:: TASK ::
Repeat the listing that follows character for character, omitting images.

======== EXERCISE INPUTS ========

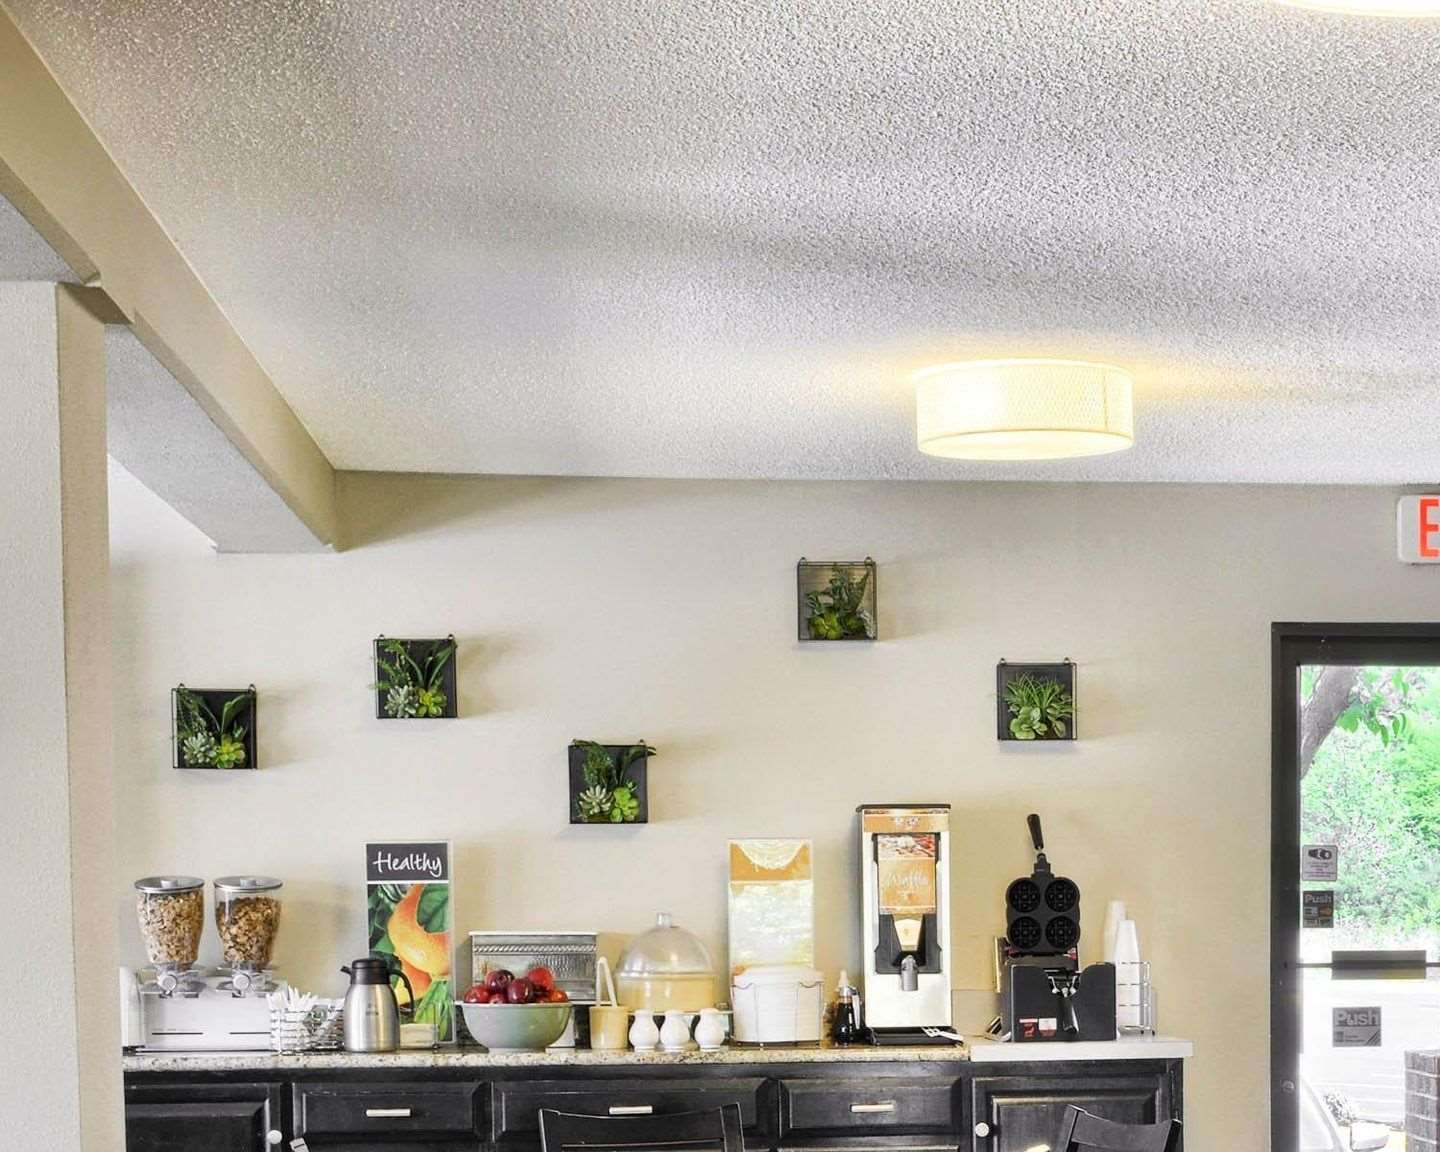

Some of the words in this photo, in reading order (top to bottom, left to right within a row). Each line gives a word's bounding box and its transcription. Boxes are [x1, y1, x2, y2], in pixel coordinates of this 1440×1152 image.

[372, 850, 443, 878] Healthy
[1304, 893, 1332, 904] Push
[1335, 1009, 1378, 1026] Push
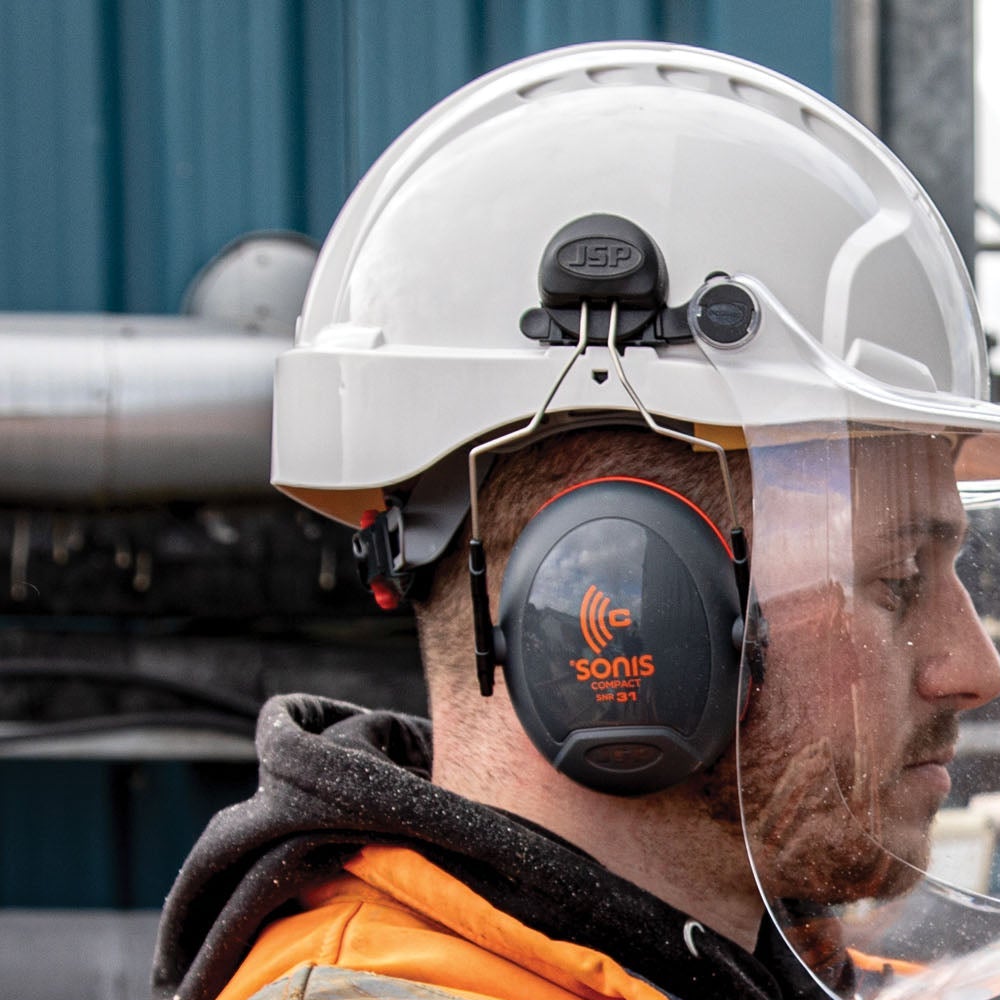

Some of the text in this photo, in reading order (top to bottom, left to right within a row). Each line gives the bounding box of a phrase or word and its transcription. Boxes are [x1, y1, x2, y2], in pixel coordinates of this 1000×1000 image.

========

:: SOLUTION FOR THIS PROBLEM ::
Some of the words in this photo, in reading order (top to bottom, left to right within a row). Each line gives a word's bounding box and its transcription. Boxes are [x1, y1, x2, y2], in pixel coordinates of this 1440×1152 image.

[372, 850, 443, 878] Healthy
[1304, 893, 1332, 904] Push
[1335, 1009, 1378, 1026] Push

Some of the text in this photo, in reading order (top to bottom, left to right within a row). Each line gives the bounding box of a phrase or word and its transcription. Boxes are [x1, y1, x2, y2], in pixel coordinates of this 1000×1000 image.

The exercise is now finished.